- Case report
- Open Access
The utility of hyperthermia for local recurrence of breast cancer
World Journal of Surgical Oncologyvolume 10, Article number: 201 (2012)
Hyperthermia has long been used in combination with chemotherapy or radiation therapy for the treatment of superficial malignancies, in part due to its sensitizing capabilities. Patients who suffer from superficial recurrences of breast cancer have poor clinical outcomes. Skin metastases may particularly impair the quality of life due to the physical appearance, odor and bleeding.
A 66-year-old woman underwent mastectomy and axillary lymph node dissection for breast cancer. Nine years post-operatively, local metastases developed in the left axillary area (measuring 5 cm in diameter). Initially the tumor did not respond to radiation therapy and chemotherapy. Therefore, we added hyperthermia combined with them. Eight weeks later, the tumor became nearly flat and the patient noted improved activity in her daily life.
Hyperthermia may accelerate the antitumor effects of radiation therapy and chemotherapy. This treatment provides an alternative for unresectable breast cancer skin metastases.
Hyperthermia has been combined with radiotherapy in an effort to improve local control, which is essential in unresectable locally advanced breast cancer (LABC). Hyperthermia’s ability to affect cells in S phase, inhibit sub-lethal damage repair, and improve oxygenation make it an attractive therapy to combine with radiation and/or chemotherapy in the hopes of synergy[1–5]. The ultimate goal of the addition of hyperthermia to treatment for LABC is improved tumor kill, which most often is assessed with the rate of clinical complete response/partial response (cCR/pPR), and if the patient undergoes surgery, pCR. In addition to the inherent biology of an individual tumor, achieving a CR with thermoradiotherapy depends on the size of the tumor, dose of radiotherapy used, and ability to adequately heat the tumor, which can be especially challenging with large burdens of unresectable disease.

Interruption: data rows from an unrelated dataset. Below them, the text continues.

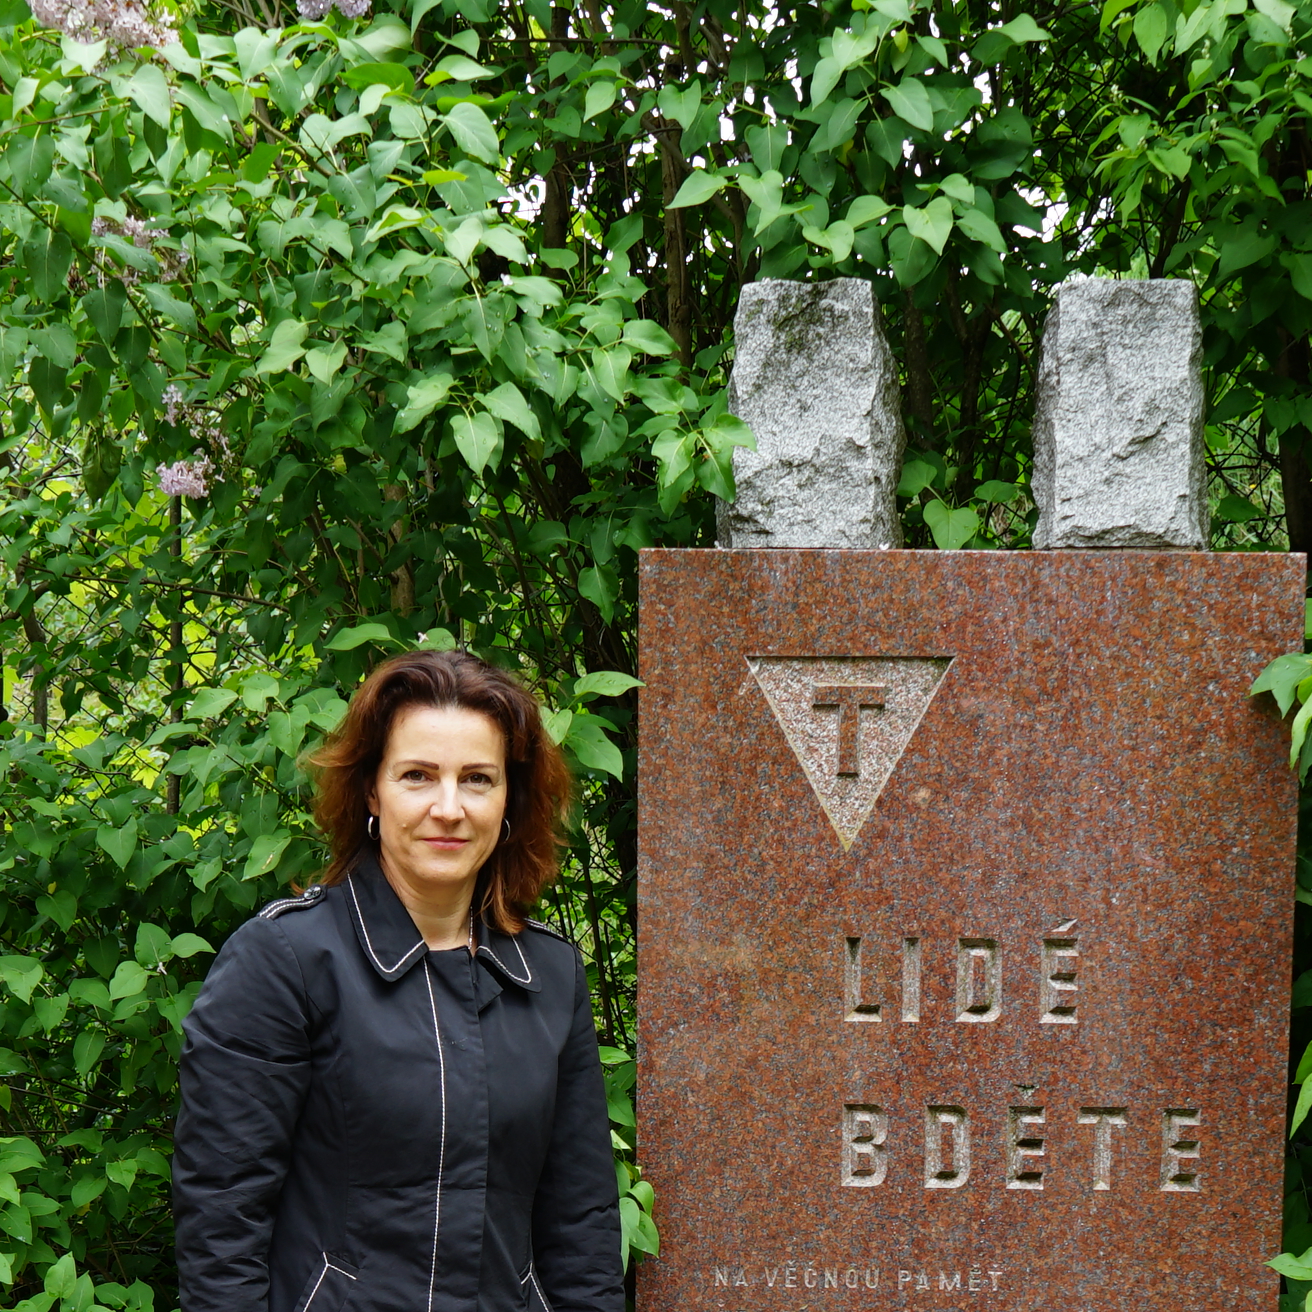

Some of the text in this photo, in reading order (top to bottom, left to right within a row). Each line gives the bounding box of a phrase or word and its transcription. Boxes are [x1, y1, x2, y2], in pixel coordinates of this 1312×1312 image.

[812, 682, 887, 778] T
[843, 918, 1079, 1025] LIDÉ
[841, 1083, 1201, 1192] BDĚTE
[714, 1265, 749, 1288] NA
[764, 1261, 880, 1289] VĚČNOU

A 66-year-old woman underwent mastectomy and axillary lymph node dissection for breast cancer. The histopathological findings were papillo-tubular carcinoma with metastases in two axillary lymph nodes. IHC staining showed that estrogen receptor (ER) and progestin receptor (PR) were positive, and Human Epidermal Growth Factor Receptor 2 (HER-2) oncoprotein was negative. As adjuvant therapy, doxorubicin (60 mg/m2) and cyclophosphamide (600 mg/m2) were administered four times and aromatase inhibitor was prescribed for five years. There was no post-mastectomy radiotherapy (PMRT). Nine years post-operatively, local metastases developed in the left axillary area. Chemotherapy (weekly paclitaxel: 80 mg/m2) and radiotherapy (total 30 Gy) were attempted, but the lesions continued to enlarge. On examination, a tumor measuring 5 cm in diameter was found in the left axillar area (Figure1A). Therefore, we added hyperthermia combined with radiotherapy and chemotherapy. Hyperthermia was performed using a Thermotron RF-8 capacitive heating device (Yamamoto VINITA Co., Ltd., Osaka, Japan at a surface temperature of 38°C to 41°C, once a week for 50 minutes. The output power ranged from 1,300 to 1,400 W. After four weeks, the surface of the tumor began to dissolve, then became gradually necrotic (Figure1B). Along with a reduction of the tumor size, the foul odor disappeared. Eight weeks later, the tumor became nearly flat and the response was evaluated as a complete response (CR), according to the Response Evaluation Criteria in Solid Tumors Group criteria, and the patient noted improved activity in her daily life (Figure1C).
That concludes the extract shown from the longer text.